Charles
In one of his lucid moments, Charles realized he had picked the wrong animal for the man the technicians brought in at the beginning of every experiment. That single unshielded mind, a temptation he knew was forbidden even when he couldn’t remember why, wasn’t the guinea pig. Charles was the guinea pig. Those men were canaries, fluttering within his increasingly unstable mental coal mine while the technicians set off sticks of dynamite at periodic intervals and hoped for an avalanche. As an extended metaphor it left something to be desired, but then again formulating it had helped pass an extremely unpleasant afternoon on some unidentified opiate, so he was inclined to forgive himself any poetic shortcomings.
The comparison did come with one disturbing implication: canaries in coal mines were, by definition, expendable.
“What do you do with them?” he asked the General after yet another failed test. Vomit that consisted mostly of blood and stomach acid still dripped from the corner of his mouth, drying tacky on his neck, in his hair. His vision was too blurred to see more than the vague outlines of the two technicians hauling today’s canary away, the unconscious mind buzzing faintly like a radio tuned between stations. This one had been young, high-strung by nature and panicked by the situation, and after an hour of steeling himself against pain that never came his distress had reached a fever pitch approaching insanity. For the boy’s sake and for his own, Charles had gently pushed him into unconsciousness; the comfort of another mind vanished when that mind was essentially cannibalizing itself.
The General stood somewhere down by his feet, not that Charles could see what was happening very well, or feel it at all. Possibly he was just trying to stay away from the pools of vomit that had formed under and on the chair. There had been the slightest give in the restraints this time, just enough for Charles to lean to the side and aim away from his body, but eventually he had become too weak for even that, had concentrated only on not choking to death. The smell was overpowering, his mouth tasted foul, and his voice was barely a rasp.

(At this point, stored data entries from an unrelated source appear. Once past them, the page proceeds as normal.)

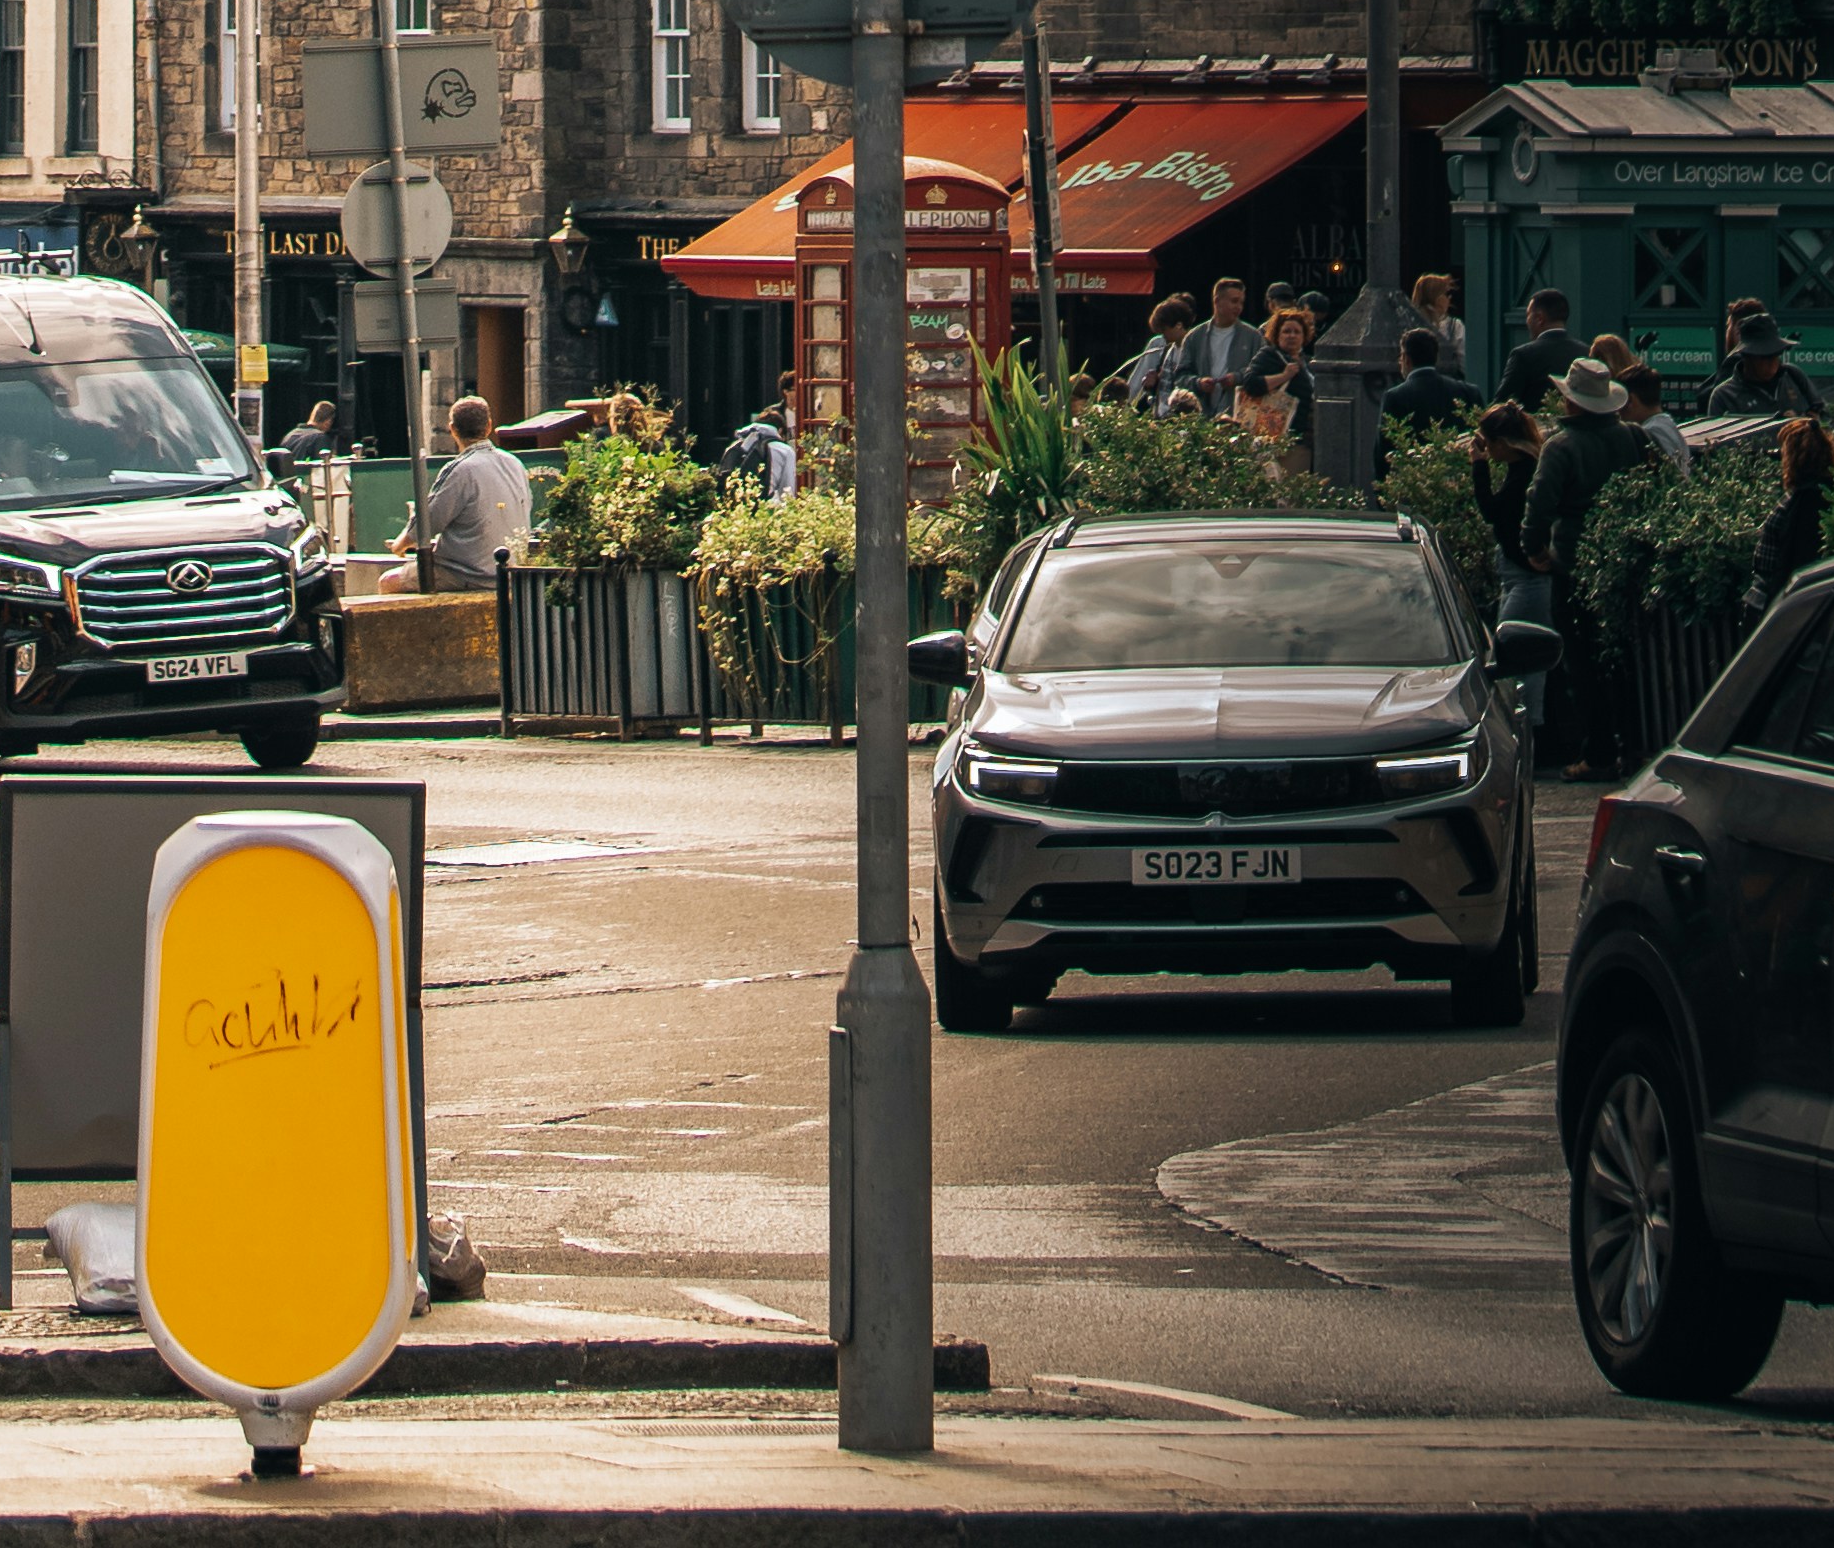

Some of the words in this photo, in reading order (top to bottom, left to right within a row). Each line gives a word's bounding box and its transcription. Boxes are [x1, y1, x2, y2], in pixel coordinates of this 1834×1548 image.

[1525, 38, 1646, 77] MAGGIE
[1139, 151, 1238, 202] Bistro
[1614, 161, 1664, 183] Over
[1673, 161, 1764, 188] Langshaw
[1773, 163, 1803, 183] Ice
[908, 210, 988, 227] LEPHONE
[270, 232, 318, 254] LAST
[637, 235, 680, 260] THE
[1288, 224, 1364, 260] ALBA
[755, 279, 780, 296] Late
[1081, 273, 1107, 290] Late
[1292, 261, 1364, 289] BISTRO
[1672, 352, 1713, 363] cream
[153, 659, 200, 679] SG24
[204, 655, 238, 675] VFL
[1144, 851, 1223, 879] SO23
[1230, 850, 1289, 878] FJN

“Tell me what happens, when they leave,” he said again, more insistently. All this time he had avoided thinking about it, telling himself there could be no good answer, and now suddenly he couldn’t bear the not knowing.

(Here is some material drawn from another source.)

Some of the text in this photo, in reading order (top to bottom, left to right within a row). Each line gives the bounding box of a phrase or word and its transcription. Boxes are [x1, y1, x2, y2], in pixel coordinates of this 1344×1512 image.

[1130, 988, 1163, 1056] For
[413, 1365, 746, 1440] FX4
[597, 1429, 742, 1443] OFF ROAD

“Minor discoloration of skin in patches below the knees and elbows, excessive vomiting, slight worsening of fever…and from the way you keep squinting I assume blurred vision.” The sound of writing ceased, followed by the rhythmic tapping of a pen against a plastic surface. “We debrief them, of course. Some are more cooperative than others. Occasionally the process gets…complicated.”
“You torture them to find out if I tortured them?”

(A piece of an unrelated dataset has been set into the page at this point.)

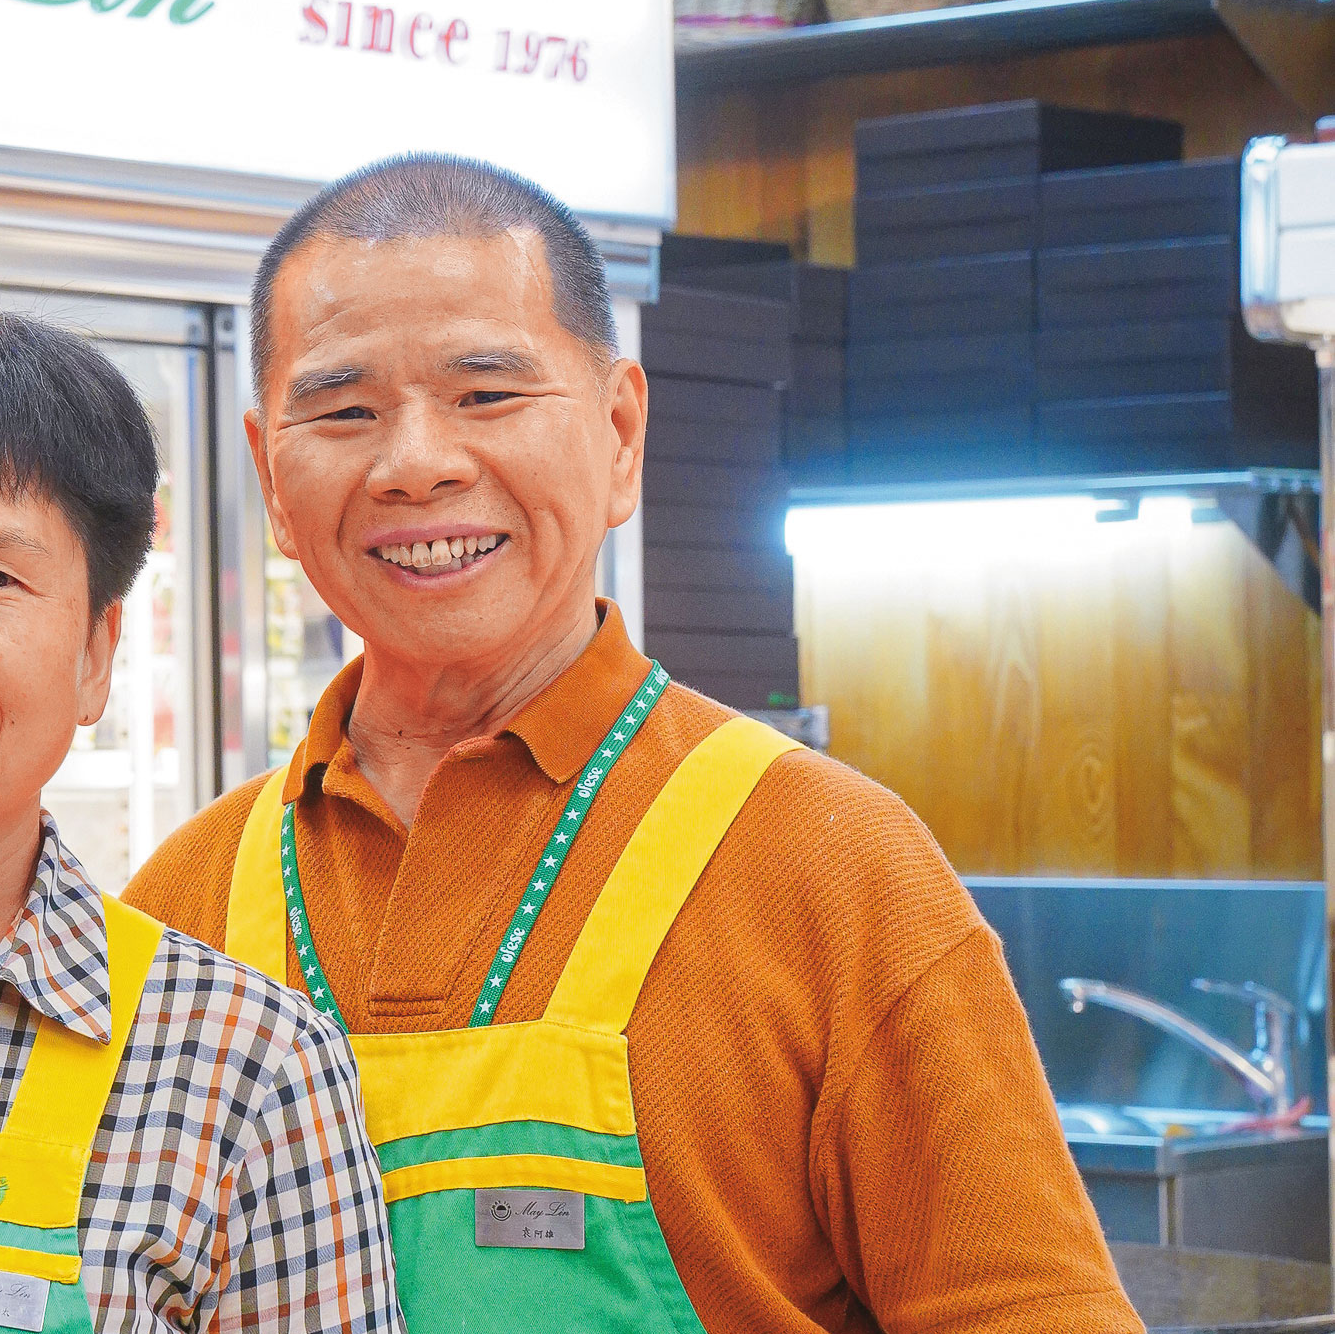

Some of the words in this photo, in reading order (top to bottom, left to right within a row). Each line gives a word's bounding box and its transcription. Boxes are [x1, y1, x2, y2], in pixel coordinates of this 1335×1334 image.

“We’d rather not, I assure you. It’s time-consuming and inconvenient for everyone, but we’d be tremendously negligent to allow any new information on telepathic contact to escape our notice just because we asked too nicely.”
Charles bared his bloody teeth, the closest he could manage to a smile. “Take off that helmet and I’ll give you all the new information you can handle.”
“I have no doubt you would,” the General said, flashing that false avuncular smile that Charles had so grown to loathe. “Well, after the debriefings we can hardly release them back into the general population, knowing what they know, can we? Besides, as I’m sure you’re aware, they’re all traitors, spies, war criminals, or degenerates of some sort. Not one life among them worth prolonging—I don’t know why you exert so much effort trying to protect them.”
“You kill them,” Charles translated. His stomach would have turned if it hadn’t already been empty, shrunken and heavy like a stone in his belly. “All of them? From the beginning?”
“Don’t be surprised if the symptoms persist for the next few hours. The radioactive material we injected into your bloodstream will take twenty-four hours for your body to process fully,” the General said instead of answering, which was answer enough. To match his helpful habit of explaining exactly what was going to happen to Charles before each experiment, he also liked to recap the day with all the detached courtesy of a medical professional while Charles was still restrained, sometimes still crying from the pain, sometimes bleeding or insensate or trapped in wild delusions. “When the restraints are removed try not to scratch, pick at, or otherwise irritate the radiation burns on your arms and legs. Have a good evening and I’ll see you tomorrow, Dr. Xavier.”
Dr. Xavier sounded like a stranger now. Someone with authority, someone these men would listen to when he said no, please, stop. No one listened to Charles, yet they still called him by that useless honorific, though he suspected there was more mockery than respect behind its use, now.
It was difficult to say. His grasp on tone and intent was nearly nonexistent—his focus too scattered, and the words that emerged from the technicians’ clay mouths hardly more than meaningless sounds. He knew they meant something the way he knew the odd sensations in certain parts of his body meant something—but instead of knowing what, he knew only suspicion mixed with dread, overshadowed by terrible uncertainty. Even after they freed him from the restraints, hosed him off in a wet room, and then brought him back to his cell, there was always a lingering sense of…damage. Several fingers he couldn’t move, an enduring pain his neck, hitches in his breathing. They had given him antibiotics when his UTI began to interfere with the tests, but not enough to cure it, just enough to alleviate the worst of the symptoms. And something squished when he touched a few of his ribs.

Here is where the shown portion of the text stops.